O człowieku, który polubił niemożliwe

Z cyklu „Bajki na dobranoc”

Był sobie raz człowiek, który nie lubił spać. Myślał sobie: cóż to za atrakcja – sen. Nic ciekawego. To najnudniejsza rzecz na świecie. No chyba, że coś się przyśni, na przykład jakaś pogoń, albo wyprawa w góry. Ale przed snem nigdy nie wiadomo, czy będzie jakiś sen. Żeby była gwarancja, że np. co drugą noc jest sen, przynajmniej co trzecią. Ale gwarancji nie ma. Tak więc spać – to bez sensu.

Podobnie myślał ten człowiek o myciu. Nic nie widział w myciu ciekawego, a było jeszcze gorsze od spania. Bo kiedy człowiek śpi, to przynajmniej nie wie, że się nudzi. Ale myjąc się, przez cały czas jest świadomy tego, że się myje, a to zmienia mycie w podwójną męczarnię.

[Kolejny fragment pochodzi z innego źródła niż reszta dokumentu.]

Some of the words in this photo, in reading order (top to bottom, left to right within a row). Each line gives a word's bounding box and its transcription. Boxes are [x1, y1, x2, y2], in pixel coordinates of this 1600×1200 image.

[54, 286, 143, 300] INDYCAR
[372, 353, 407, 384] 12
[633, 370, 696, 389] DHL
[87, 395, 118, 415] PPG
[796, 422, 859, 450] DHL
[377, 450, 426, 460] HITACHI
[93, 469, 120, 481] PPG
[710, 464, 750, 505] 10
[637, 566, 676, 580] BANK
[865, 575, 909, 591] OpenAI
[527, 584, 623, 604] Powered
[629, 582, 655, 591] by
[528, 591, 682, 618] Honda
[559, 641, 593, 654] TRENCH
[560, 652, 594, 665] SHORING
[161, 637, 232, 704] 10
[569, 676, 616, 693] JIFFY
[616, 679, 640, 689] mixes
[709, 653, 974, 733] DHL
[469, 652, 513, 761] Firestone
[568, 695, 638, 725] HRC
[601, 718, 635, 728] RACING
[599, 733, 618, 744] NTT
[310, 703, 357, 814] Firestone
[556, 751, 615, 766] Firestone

Jeszcze gorzej było z ubieraniem. Odkąd rodzice przestali rankiem przygotowywać mu ubranie, musiał to robić sam. I o ile podczas mycia nie musiał o myciu szczególnie myśleć, bo ręce same robiły, co trzeba, to kompletując sobie ubranie, niestety, musiał choć chwilę się zastanowić. O choćby wyglądnąć za okno i zanotować, jaka jest pogoda.

To wydawało mu się absurdem. Wyglądać za okno po to, żeby skompletować ubranie? Głupota kompletna, właśnie. Za okno się wygląda, by podziwiać obłoki. I nieraz się zdarzało, że człowiek ten zatrzymywał się przy oknie, patrzył w górę, a minuty upływały, aż spóźniał się do pracy z tego powodu.

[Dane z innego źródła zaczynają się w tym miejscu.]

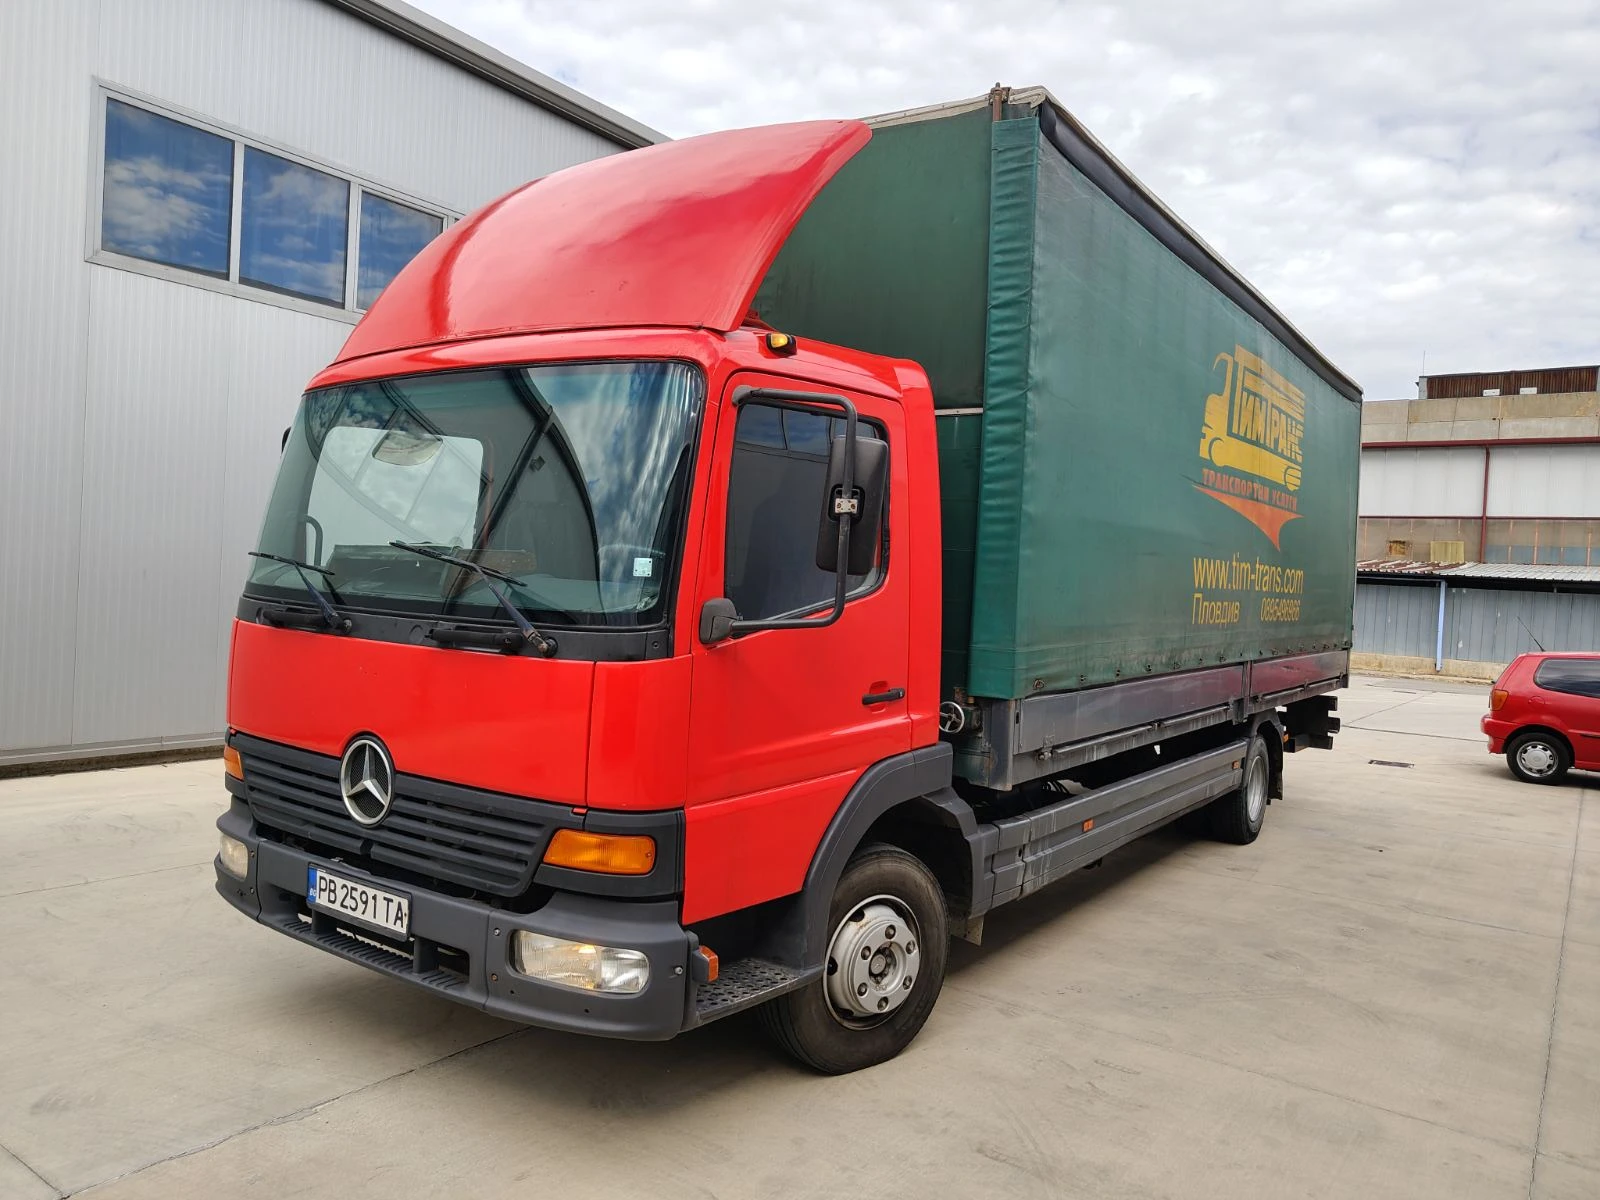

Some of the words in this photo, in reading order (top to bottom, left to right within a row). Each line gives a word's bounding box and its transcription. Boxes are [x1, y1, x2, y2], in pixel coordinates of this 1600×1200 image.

[1202, 467, 1269, 502] ТРАНСПОРТНИ
[1271, 488, 1298, 512] УСЛУГИ
[1193, 552, 1304, 594] www.tim-trans.com
[1192, 592, 1240, 628] Пловдив
[319, 875, 337, 905] PB
[340, 883, 378, 920] 2591
[383, 896, 404, 929] TA

Człowiek ten mógłby żyć tak i żyć, przez całe życie, bo przecież każdy może lubić to, co chce i każdy może mieć swoje poglądy. Gdyby nie drobne trudności, które zaczęły się pojawiać, a potem wcale nie znikały, tylko były coraz większe. Na przykład oczy stawały mu się coraz bardziej czerwone, tak czerwone, że nie tylko sąsiedzi i pani z kiosku naprzeciwko, ale nawet dobrzy znajomi przestali go poznawać. Poza tym człowiek zaczął zapominać o różnych sprawach, zapomniał na przykład kiedyś, gdzie mieszka i jak może dojechać do swojego domu.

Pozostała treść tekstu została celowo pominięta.